A separate and distinctive neoplasm is the undifferentiated carcinoma with osteoclastlike giant cells. This tumor consists of a neoplastic spindle to epithelioid cell component with admixed nonneoplastic osteoclastlike giant cells (Fig. 27.7) (43,44,45,46,47,48). Undifferentiated carcinomas with osteoclastlike giant cells are remarkably similar to osteoclast-containing tumors of many diverse organs, which suggests that some property of the neoplastic component may be responsible for the accumulation of intratumoral multinucleated giant histiocytes (44), which are formed from the fusion of circulating macrophages. Although the neoplastic components generally have a mesenchymal appearance and often fail to express evidence of epithelial differentiation by immunohistochemistry, the histogenesis of most cases is still believed to be epithelial, particularly in those cases associated with an adenocarcinomatous component. The finding of KRAS mutations in the tumor cells supports this hypothesis (49,50). In contrast to other types of undifferentiated carcinoma, undifferentiated carcinoma with osteoclastlike giant cells may have a more favorable prognosis, although recent studies suggested that most are quite aggressive (45).

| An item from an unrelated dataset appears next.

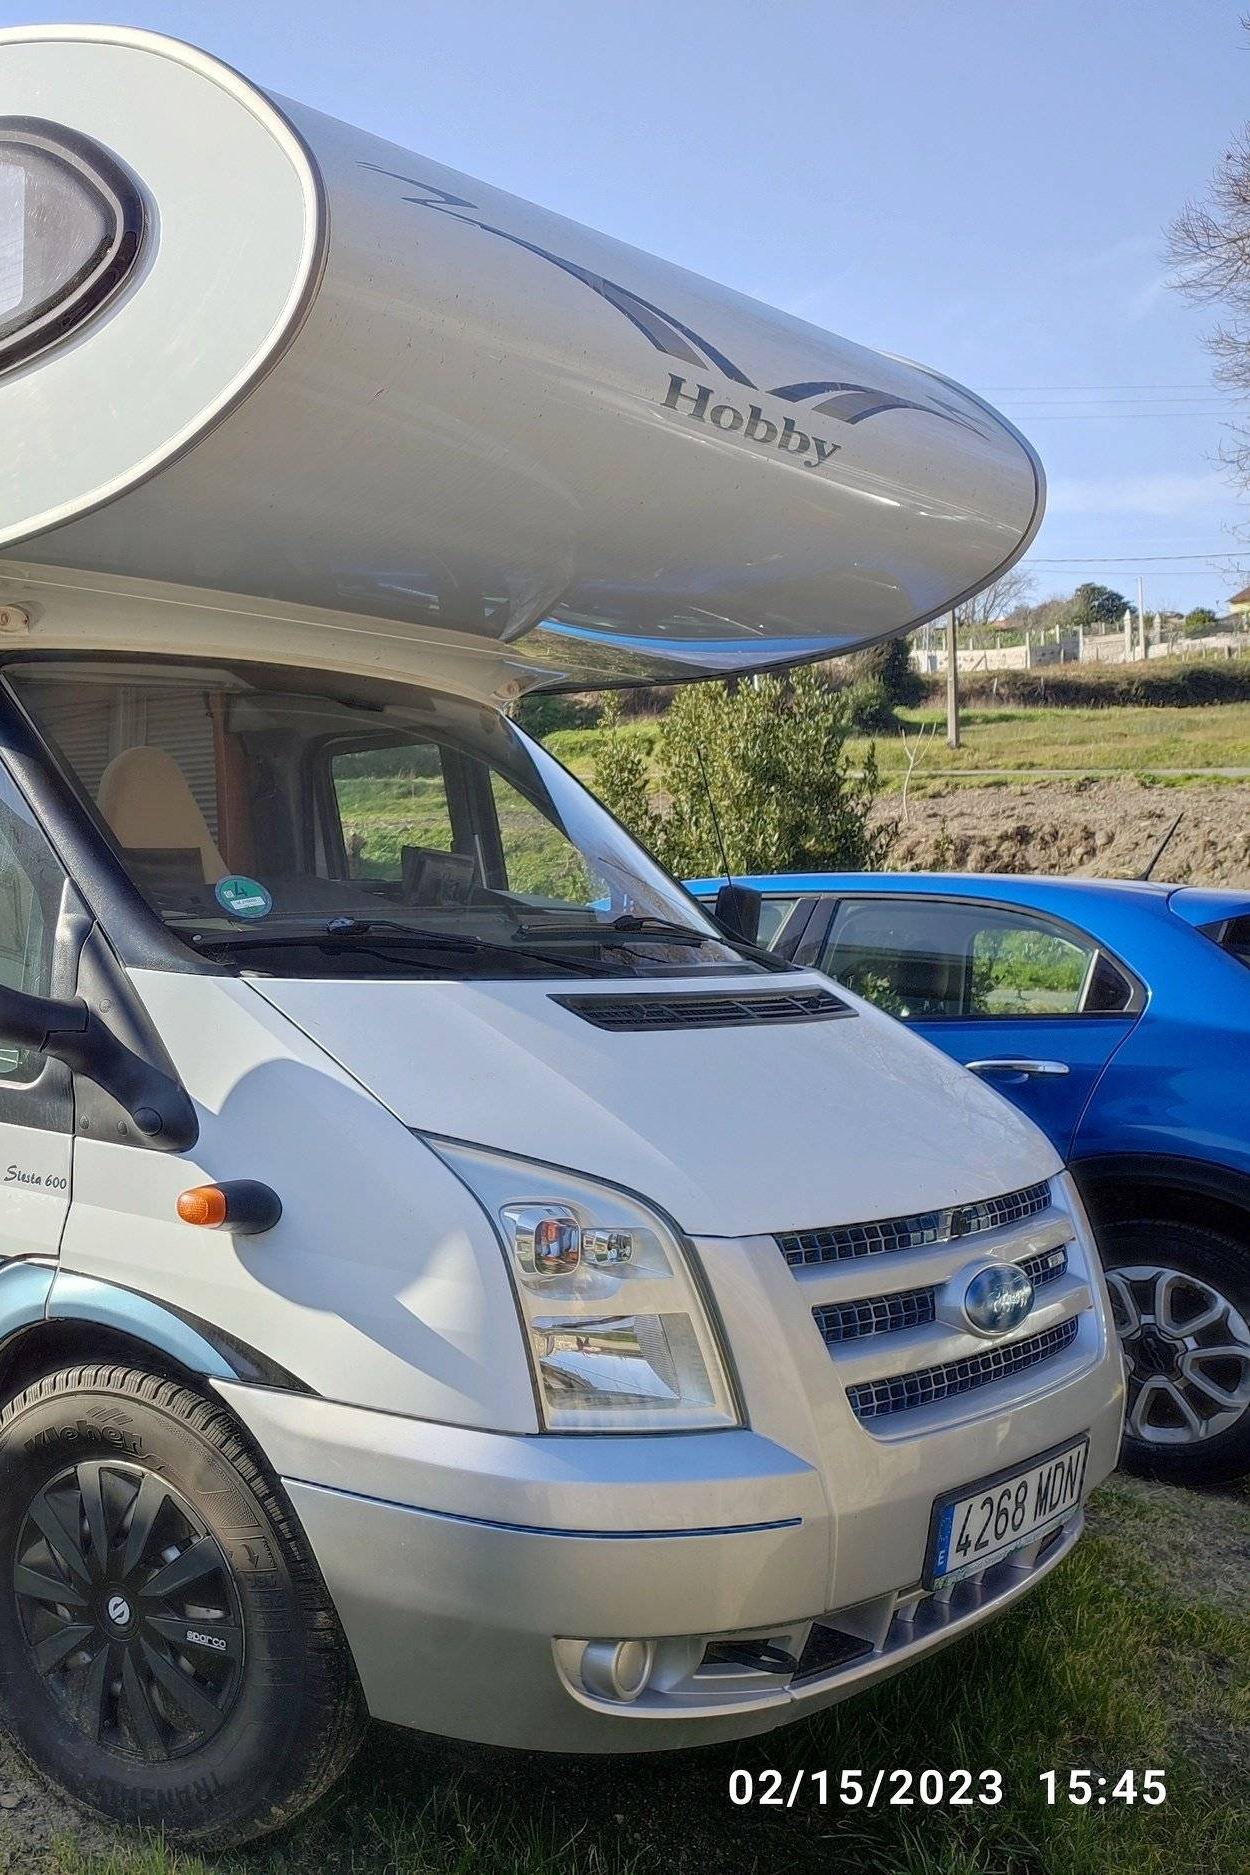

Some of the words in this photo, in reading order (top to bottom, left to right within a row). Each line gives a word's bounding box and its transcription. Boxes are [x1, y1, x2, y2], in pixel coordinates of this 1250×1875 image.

Another neoplasm, classified as a variant of ductal adenocarcinoma, is medullary carcinoma of the pancreas (51,52). The term medullary carcinoma is also applied to mammary and colorectal carcinomas that, despite a poorly differentiated histologic appearance, have a favorable clinical course. In the large bowel, medullary carcinomas are more frequent in patients with hereditary nonpolyposis colorectal cancer and commonly exhibit mutations in DNA-mismatch repair genes (53,54). Pancreatic medullary carcinomas are histologically similar to the mammary or colorectal counterparts (51,52). The tumors are poorly differentiated, lack gland formation, and have sheets of large cells with ill-defined borders suspended in a lymphocyte-rich stroma (Fig. 27.8). Patients more commonly have first-degree relatives with other extrapancreatic carcinomas than do patients with conventional pancreatic adenocarcinomas, but medullary carcinomas are not prone to occur more commonly in the setting of familial pancreas cancer. Pancreatic medullary carcinomas also more commonly have inactivation of DNA-mismatch repair genes than conventional ductal adenocarcinomas, and the KRAS oncogene is usually wild type. The first cases reported of pancreatic medullary carcinoma included some patients with a favorable outcome (51), but experience with additional cases has suggested that the prognosis is not as favorable as for medullary carcinomas of the breast or colorectum (52).